Embora parecesse calmo, minha cabeça ficava a mil, e entre bicos aqui e alí, conseguia algum dinheiro para ao menos comprar algo pra comermos e quitar contas básicas de casa.
Não era fácil, não mesmo. 
Quando chegava em casa quase de noite, tomava um banho e comia o que tinha e muitas vezes ficava nó fundo de casa brincando com um gatinho amarelo e branco que encontrei na rua. Assim, conseguia aliviar um pouco a cabeça pra poder começar tudo novamente no outro dia.
Foram seis ou sete meses muito complicados. Mas por sorte, consegui um trabalho em uma atacadista de tecidos. 
Trabalho simples, salário baixo e alguns benefícios depois de um tempo de casa.
Nada mal, pra quem não tinha nada, apenas dívidas acumuladas e uma esposa insatisfeita. Mas isso era uma pequena luz no fim do túnel e eu via que ao menos, o próximo ano seria melhor e realmente foi, tudo mudou.
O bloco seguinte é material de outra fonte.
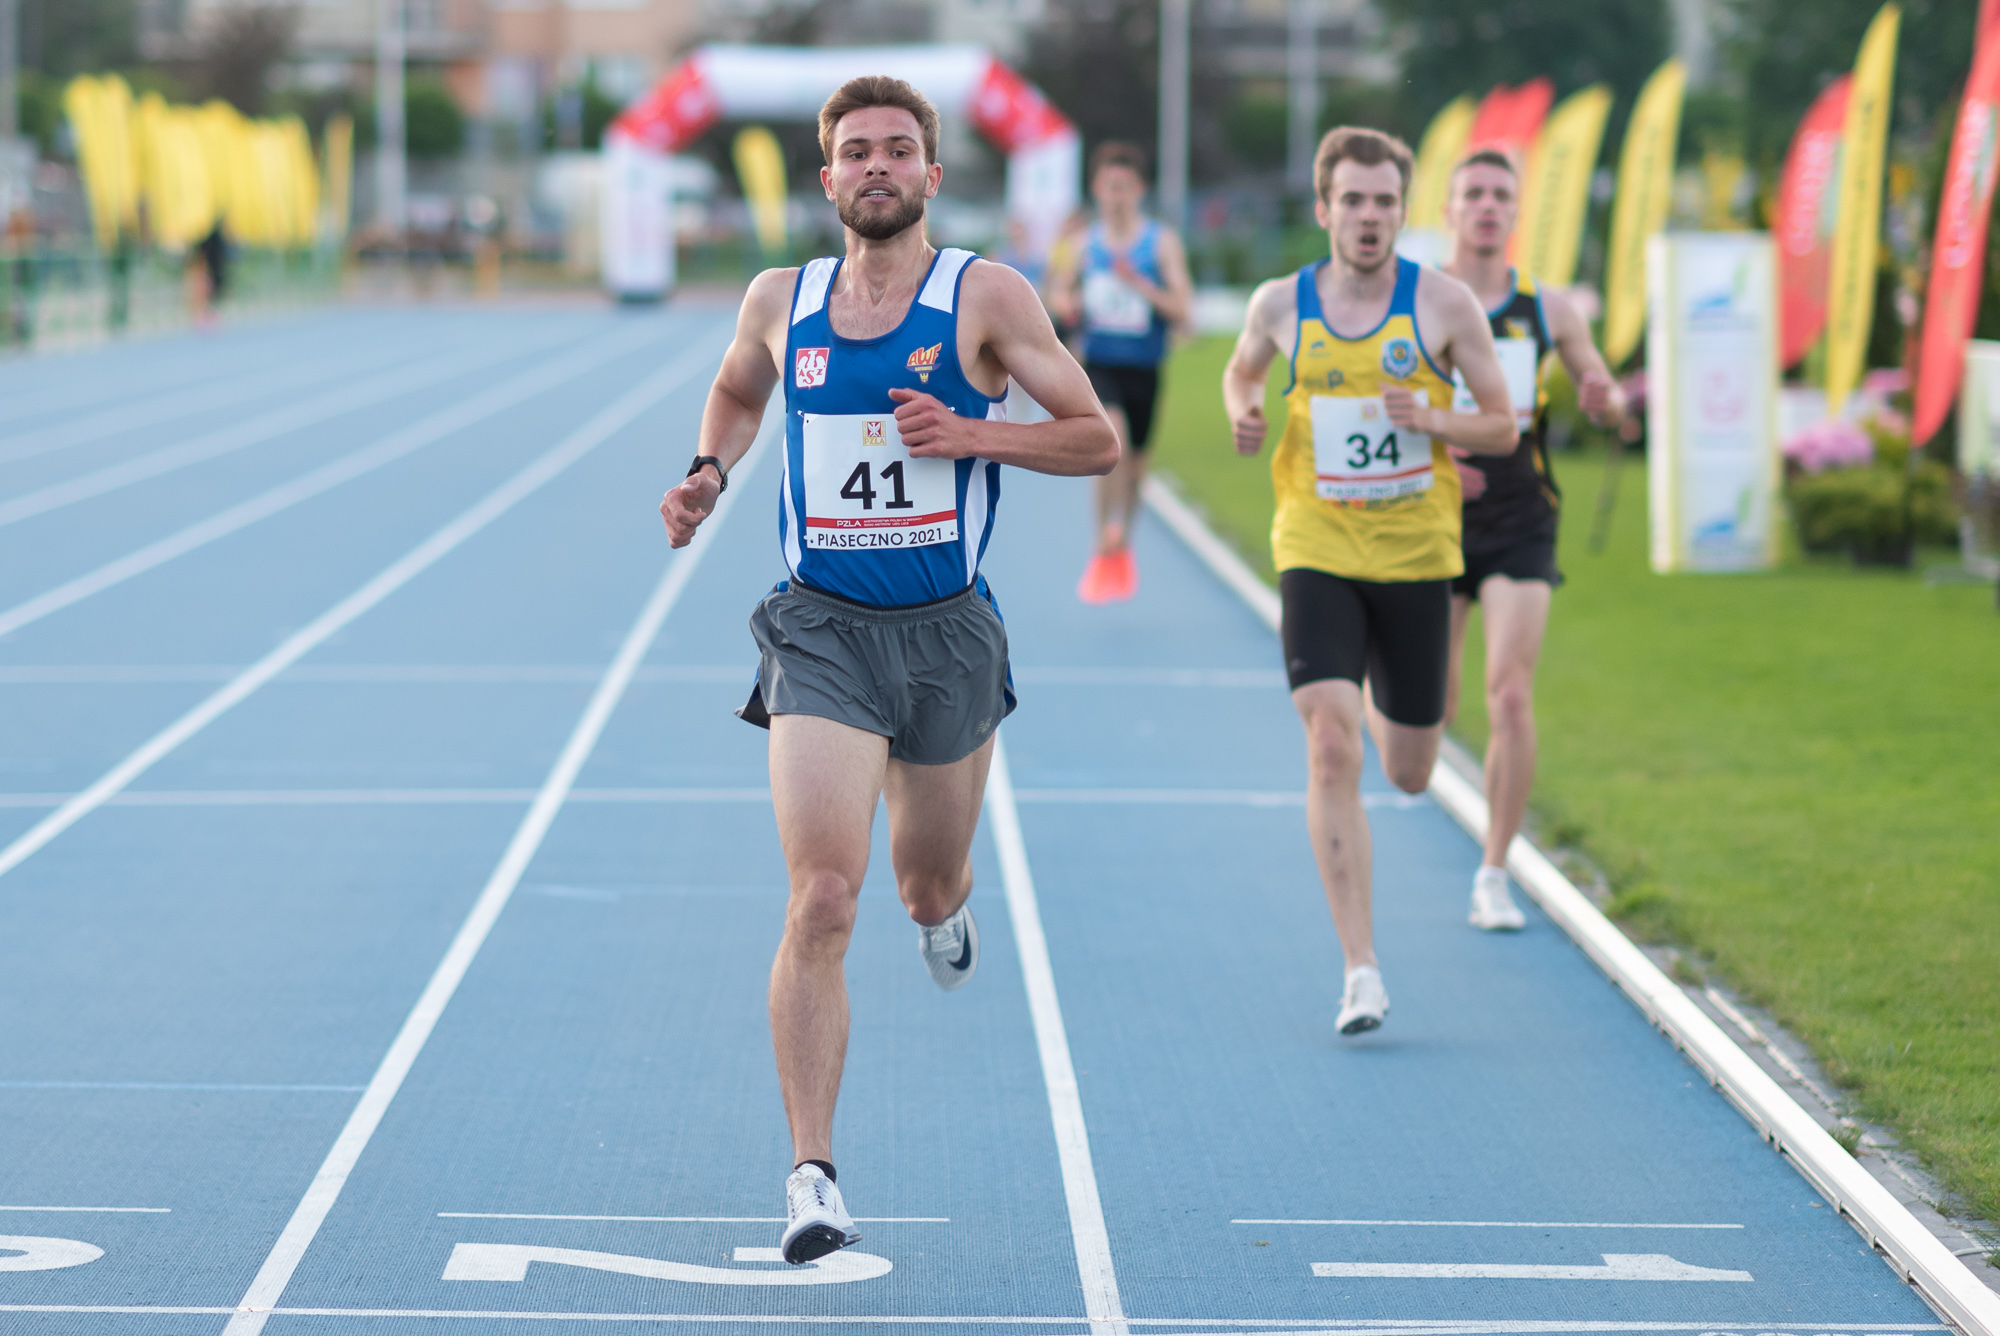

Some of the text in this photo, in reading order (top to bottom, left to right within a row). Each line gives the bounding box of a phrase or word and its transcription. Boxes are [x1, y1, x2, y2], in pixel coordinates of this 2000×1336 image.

[907, 342, 942, 366] AWF
[864, 437, 885, 445] PZLA
[1346, 432, 1401, 469] 34
[840, 460, 914, 510] 41
[1325, 478, 1423, 498] PIASECZNO 2021
[818, 528, 942, 547] PIASECZNO 2021
[440, 1242, 894, 1287] 2
Mas não é sobre isso que quero falar. É sobre um telefonema e uma viagem que não esperava.
Pouco antes da metade do ano, mamãe me ligou um dia a tarde. Queria saber como estávamos e como sempre, dizia que estava tudo bem, tudo em ordem. 
Nunca disse a ela sobre as dificuldades desse ano para não deixá-la preocupada. Eram sempre as mesmas respostas: Tudo bem, Tudo tranquilo.
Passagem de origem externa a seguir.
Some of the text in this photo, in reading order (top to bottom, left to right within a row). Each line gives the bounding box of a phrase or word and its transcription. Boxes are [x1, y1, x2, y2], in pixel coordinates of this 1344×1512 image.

- Seu pai morreu hoje de manhã. Ela disse
- O que aconteceu com ele? Perguntei
- Problemas de saúde. Ela disse
Não tinha o que dizer, e apenas respondi que "fazer o quê não é? É a vida.
- Seus irmãos irão amanhã de manhã e você deveria ir também. Ela disse
- Não sei. Sinceramente não tenho o que fazer lá. Disse
Conversamos mais um tempo sobre isso e outras coisas e nos despedimos. De um lado, ela estava triste com a notícia e do outro, eu não sentia nada. Pode soar como ignorância, mas não. Apenas não sentia nada naquele momento.

Pensei muito durante a noite sobre o ocorrido. Ainda não estava decidido se iria ou não. Francamente, não via sentido algum ir até lá e rever pessoas que não via ha anos e não mantinha contado algum.
No outro dia bem cedo meus irmãos chegaram em casa. Tinha acabado de acordar e estava passando meu café.
Eles estavam em silêncio e um pouco abatidos. Afinal, tiveram contato com ele bem mais que eu. De minha parte, estava calado também, mas por não saber o que dizer e como agir.
- Só preciso de um tempo pra tomar um banho e vestir uma roupa. Eu disse
- Voltaremos hoje mesmo. Meu irmão disse
- Ótimo. respondi
Entramos no carro e partimos. A viagem era longa e o dia já mostrava que seria quente e estranho. 
O clima dentro do carro estava estranho. Falei muito pouco durante toda a viagem. 660 Km de quase silêncio.  Tentava encontrar algum assunto mas não tinha nenhum. O que mais me passava pela cabeça, era como estaria aquela cidadezinha que não visitava ha muitos anos desde que minha avó se foi.

Chegamos por volta das 13:30 e fomos direto para o local do velório. Quando descemos do carro, as pessoas que estavam lá, nos olhavam com aquela cara de pesar. Alguns não nos conhecia, outros sabiam quem éramos. 
Na porta, uma tia nos recebeu aos prantos. Disse que estava com saudades mas não queria ter nos visto naquela ocasião. ( Ok Ok Ok, fiz que acreditei ) Preferia que fosse em algo alegre. 
Olhei pra dentro e ví o caixão rodeado de pessoas. A mulher, as enteadas e alguns amigos. Não reconheci ninguém. Com exceção da minha tia, não conhecia mais ninguém. As pessoas chegavam e nos cumprimentavam e eu me sentia o estranho no ninho. 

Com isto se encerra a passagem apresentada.